## Problem statement
Retype every record exactly. Skip the images.

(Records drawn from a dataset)
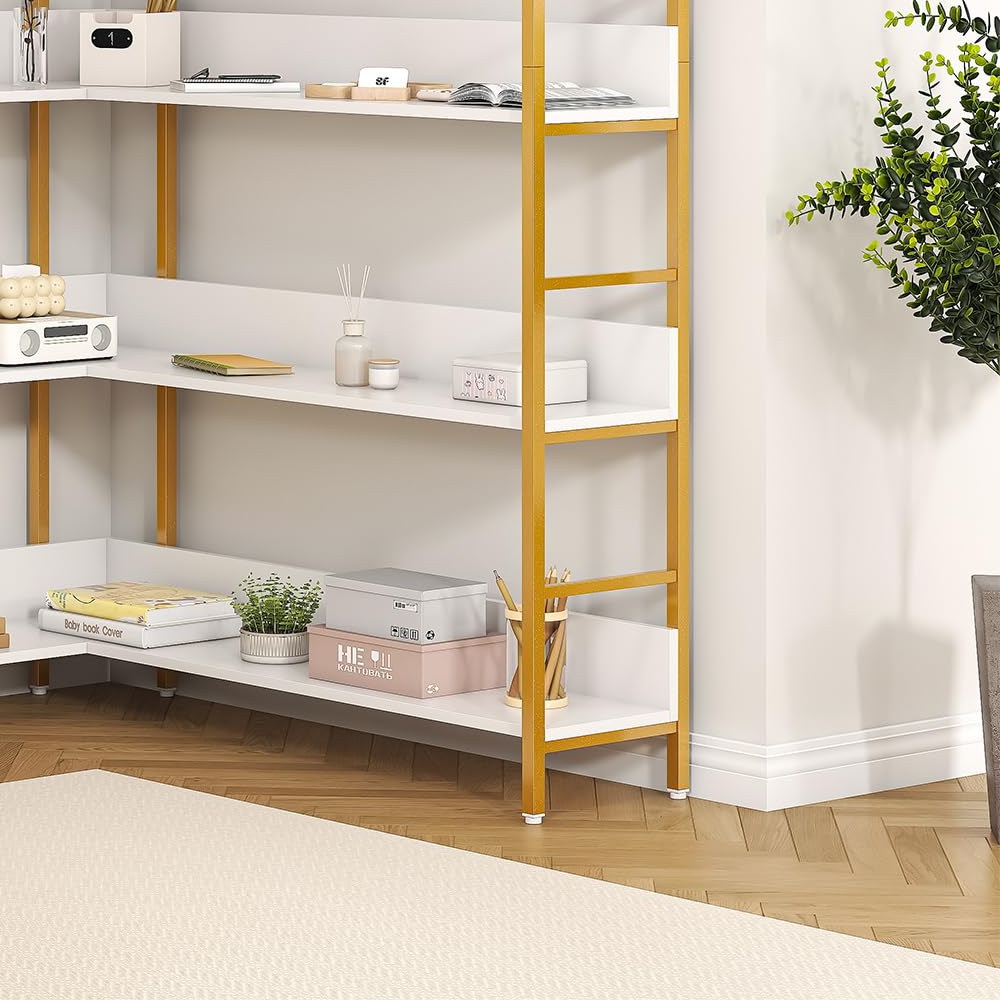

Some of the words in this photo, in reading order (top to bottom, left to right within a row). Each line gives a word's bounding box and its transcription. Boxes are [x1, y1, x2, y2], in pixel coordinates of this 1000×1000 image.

[107, 31, 114, 46] 1
[64, 618, 81, 632] Baby
[83, 622, 100, 634] book
[102, 625, 123, 638] Cover
[338, 644, 365, 666] НЕ
[337, 663, 393, 680] КАНТОВАТЬ

## Your response
Some of the words in this photo, in reading order (top to bottom, left to right within a row). Each line gives a word's bounding box and its transcription. Boxes are [x1, y1, x2, y2], in pixel coordinates of this 1000×1000 image.

[107, 31, 114, 46] 1
[64, 618, 81, 632] Baby
[83, 622, 100, 634] book
[102, 625, 123, 638] Cover
[338, 644, 365, 666] НЕ
[337, 663, 393, 680] КАНТОВАТЬ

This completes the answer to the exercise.